Entries supplied section start

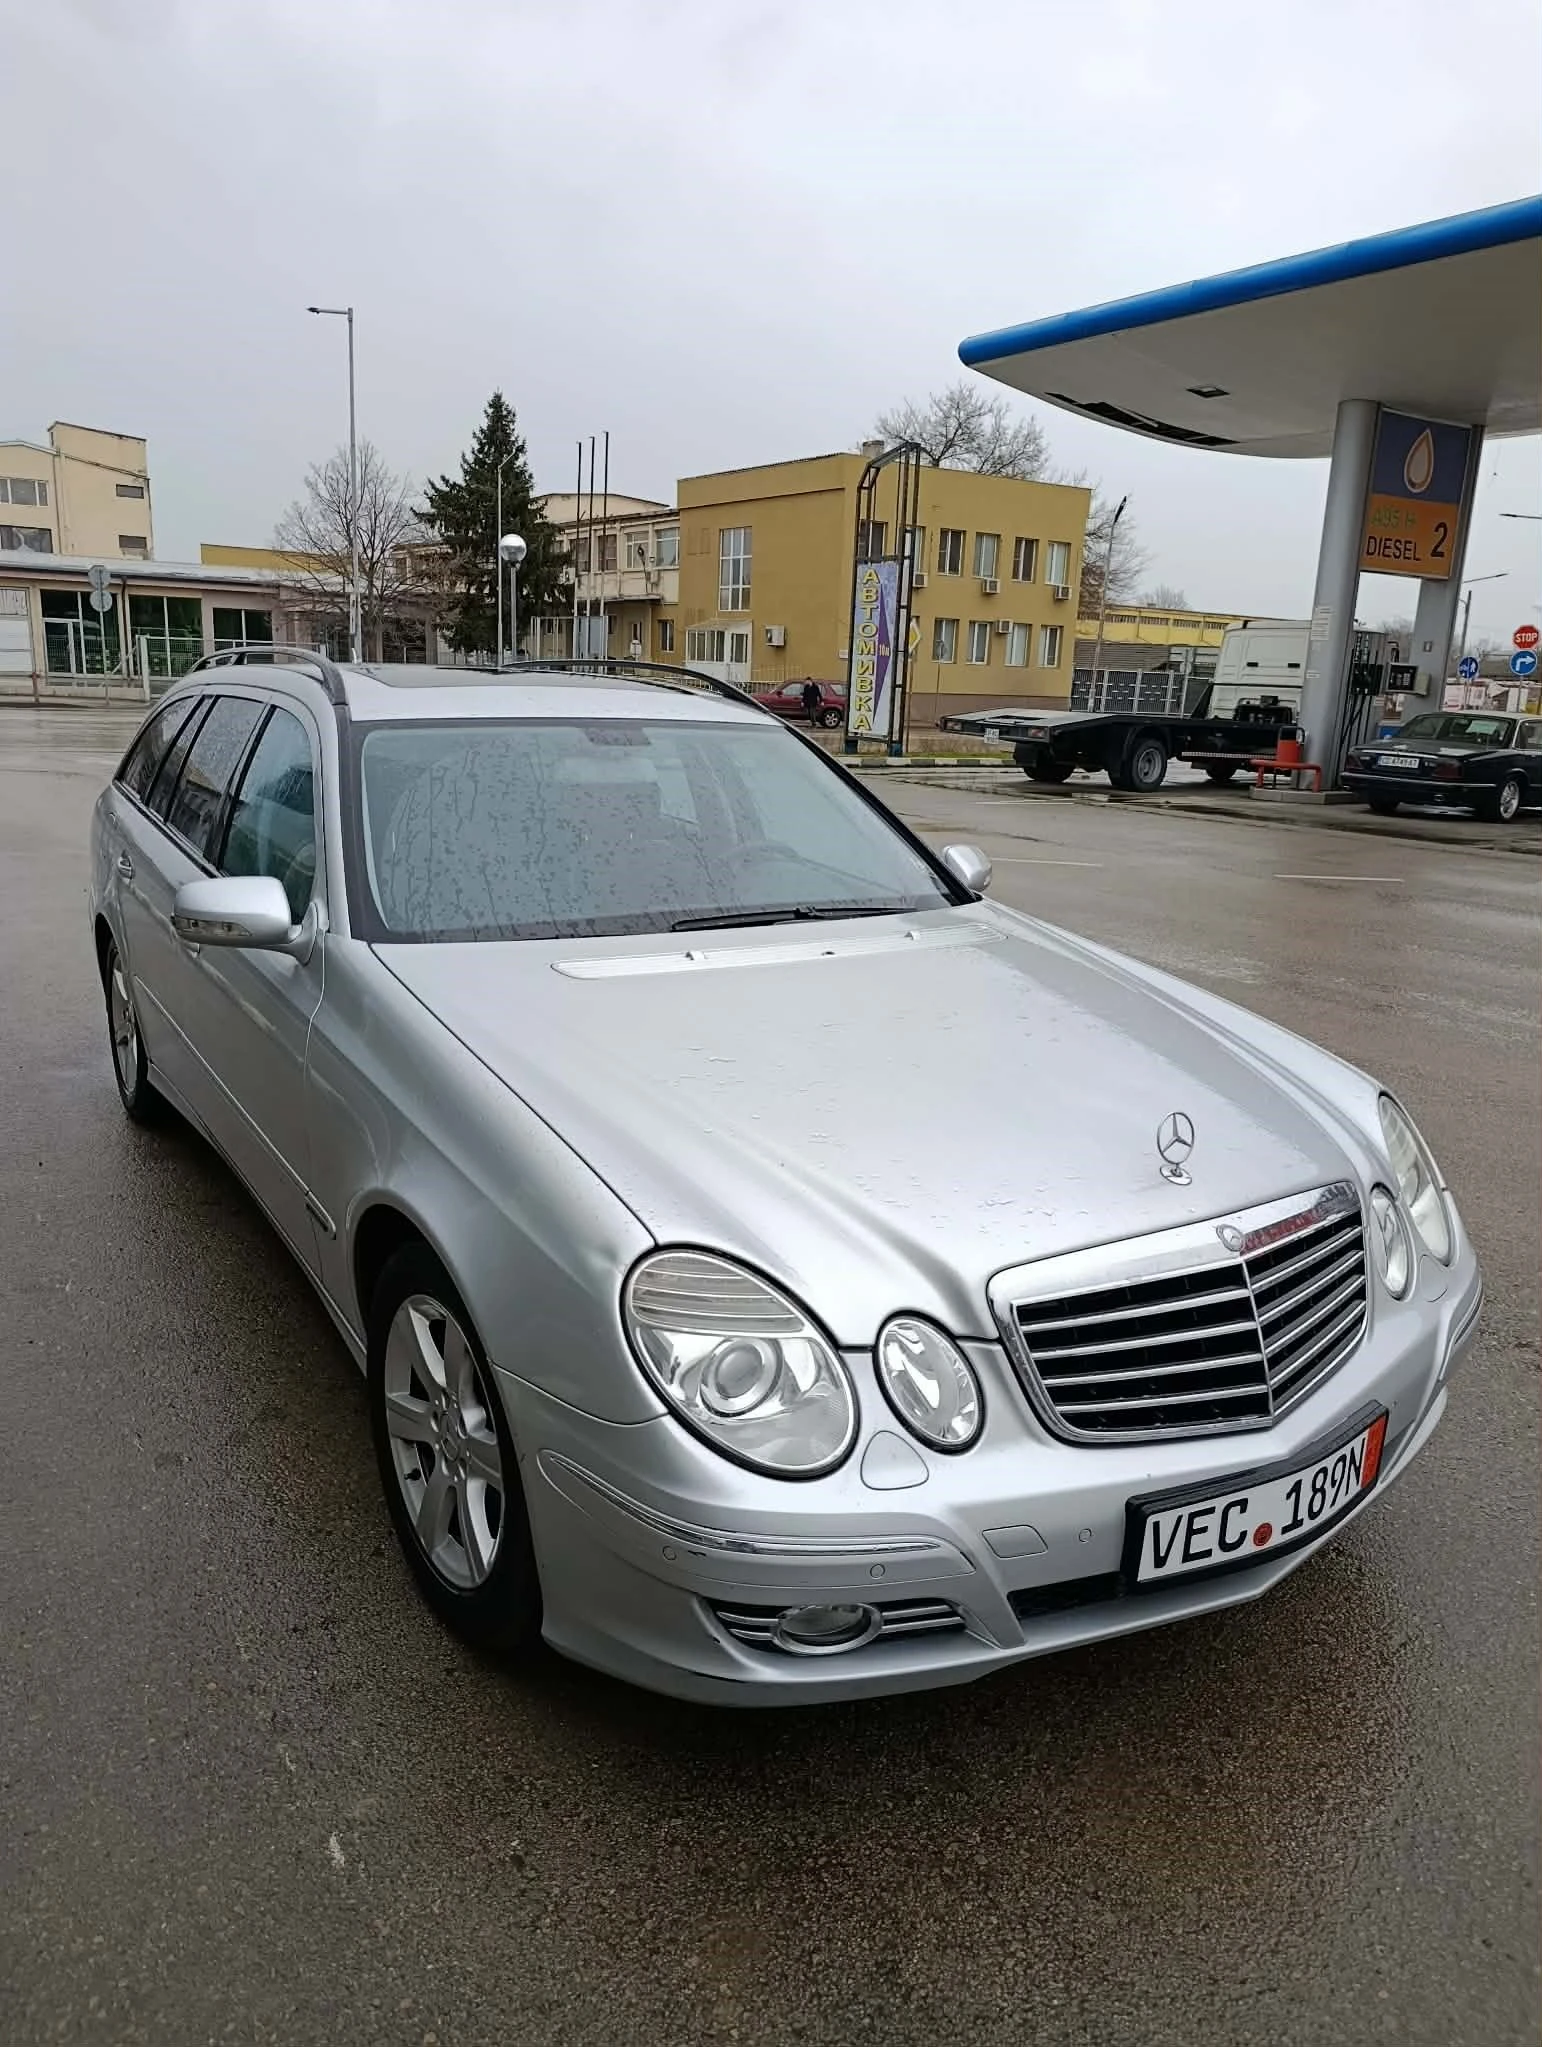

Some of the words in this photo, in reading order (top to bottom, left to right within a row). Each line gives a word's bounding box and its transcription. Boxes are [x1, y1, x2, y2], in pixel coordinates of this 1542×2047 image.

[1366, 535, 1422, 561] DIESEL
[1430, 521, 1448, 558] 2
[853, 568, 881, 731] АВТОМИВКА
[1515, 632, 1537, 643] STOP
[1152, 1497, 1249, 1569] VEC
[1281, 1437, 1366, 1536] 189N
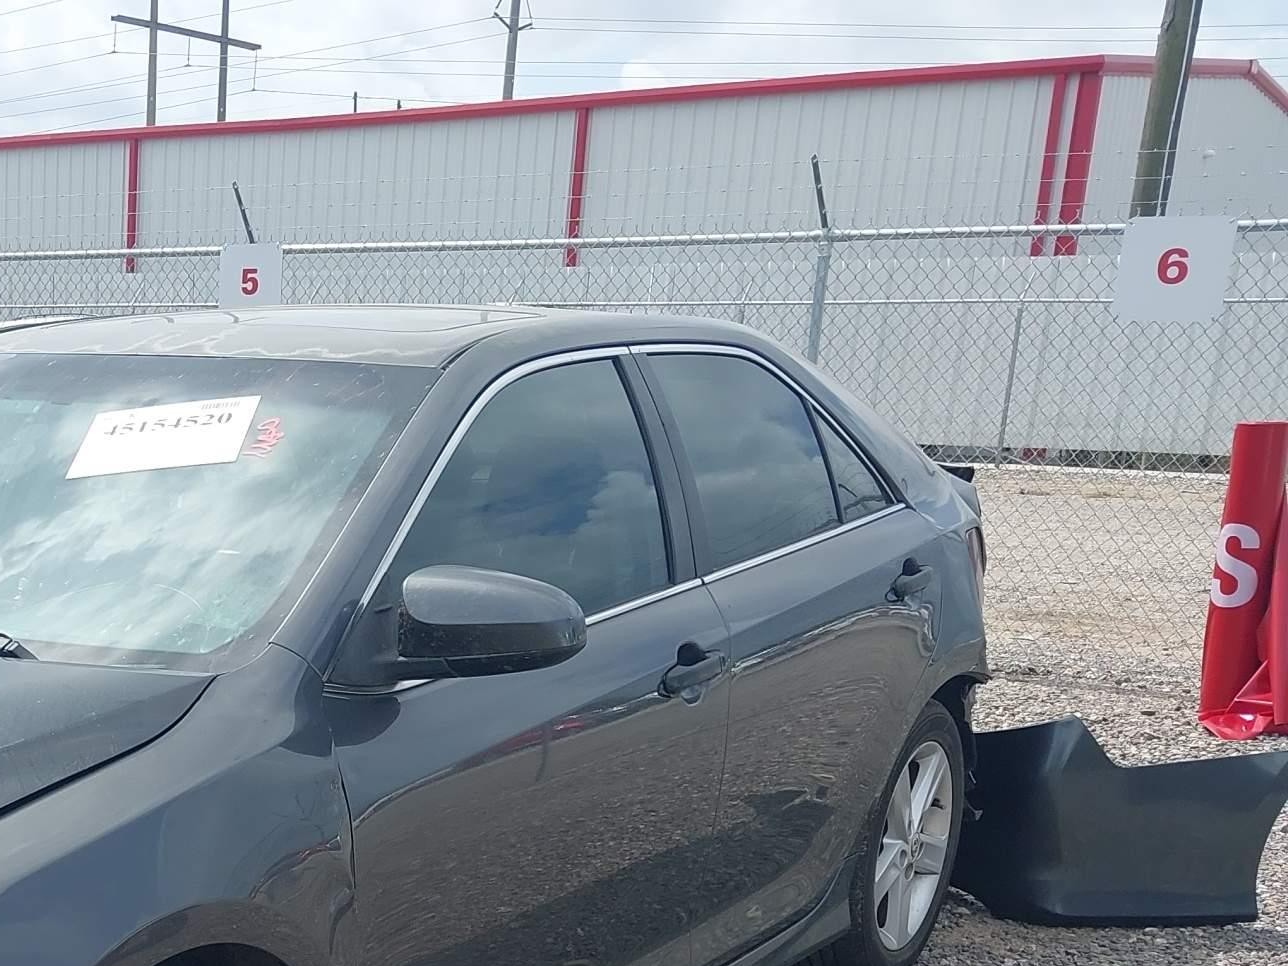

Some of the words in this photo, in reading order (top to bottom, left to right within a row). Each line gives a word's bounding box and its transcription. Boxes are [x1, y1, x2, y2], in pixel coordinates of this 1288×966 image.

[241, 268, 259, 295] 5
[1158, 248, 1188, 284] 6
[103, 412, 233, 436] 45154520
[1210, 522, 1261, 609] S
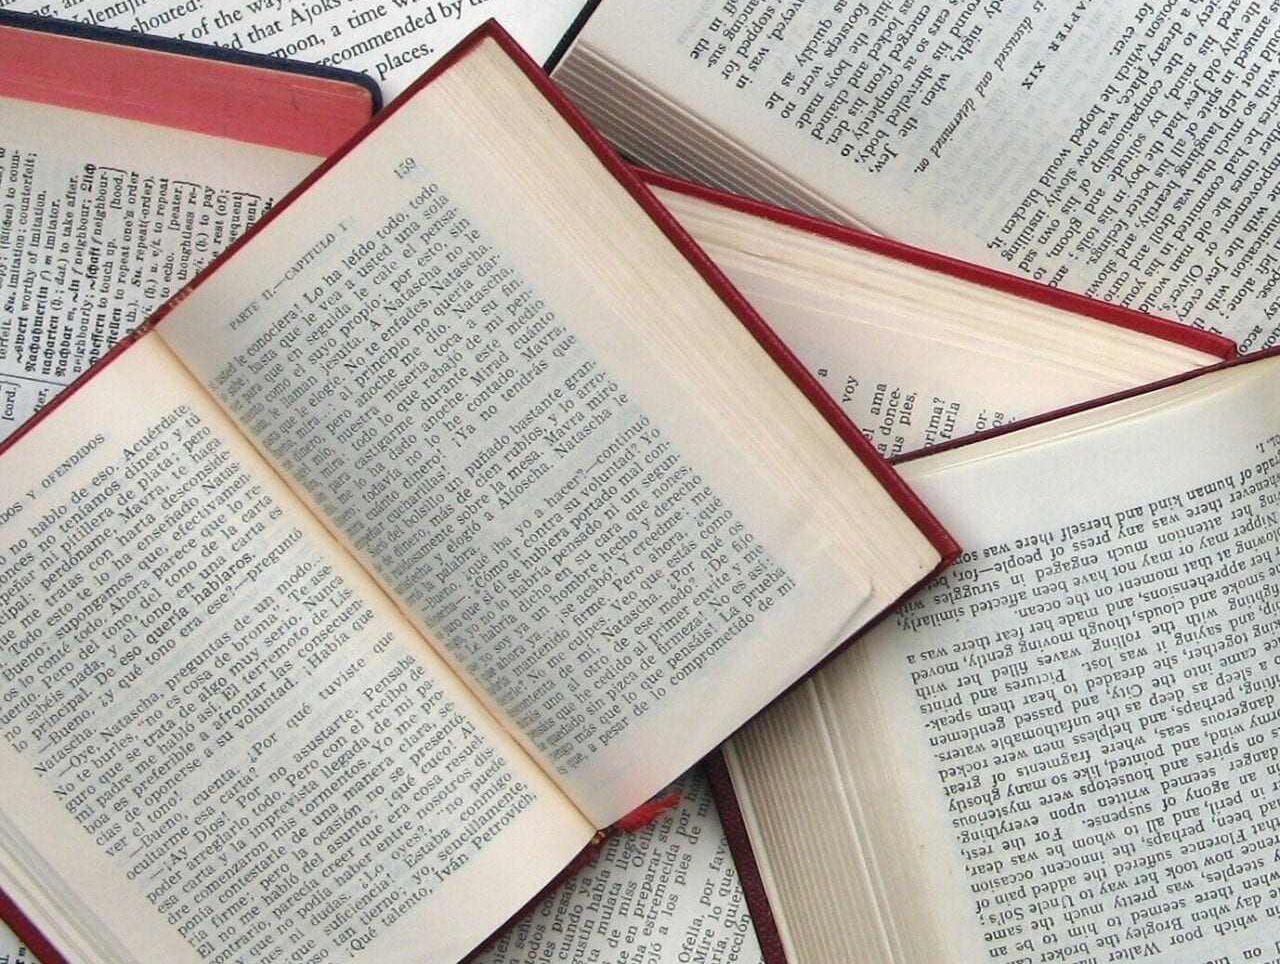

Entries supplied section end

▶ What is expected: Since the pictures are not wanted, transcribe the rest of the listing above exactly.

▶ Result for this task:
Some of the words in this photo, in reading order (top to bottom, left to right within a row). Each line gives a word's bounding box and its transcription. Boxes are [x1, y1, x2, y2], in pixel coordinates of this 1542×2047 image.

[1366, 535, 1422, 561] DIESEL
[1430, 521, 1448, 558] 2
[853, 568, 881, 731] АВТОМИВКА
[1515, 632, 1537, 643] STOP
[1152, 1497, 1249, 1569] VEC
[1281, 1437, 1366, 1536] 189N

Some of the words in this photo, in reading order (top to bottom, left to right within a row). Each line gives a word's bounding box and its transcription. Boxes are [x1, y1, x2, y2], in pixel coordinates of this 1288×966 image.

[241, 268, 259, 295] 5
[1158, 248, 1188, 284] 6
[103, 412, 233, 436] 45154520
[1210, 522, 1261, 609] S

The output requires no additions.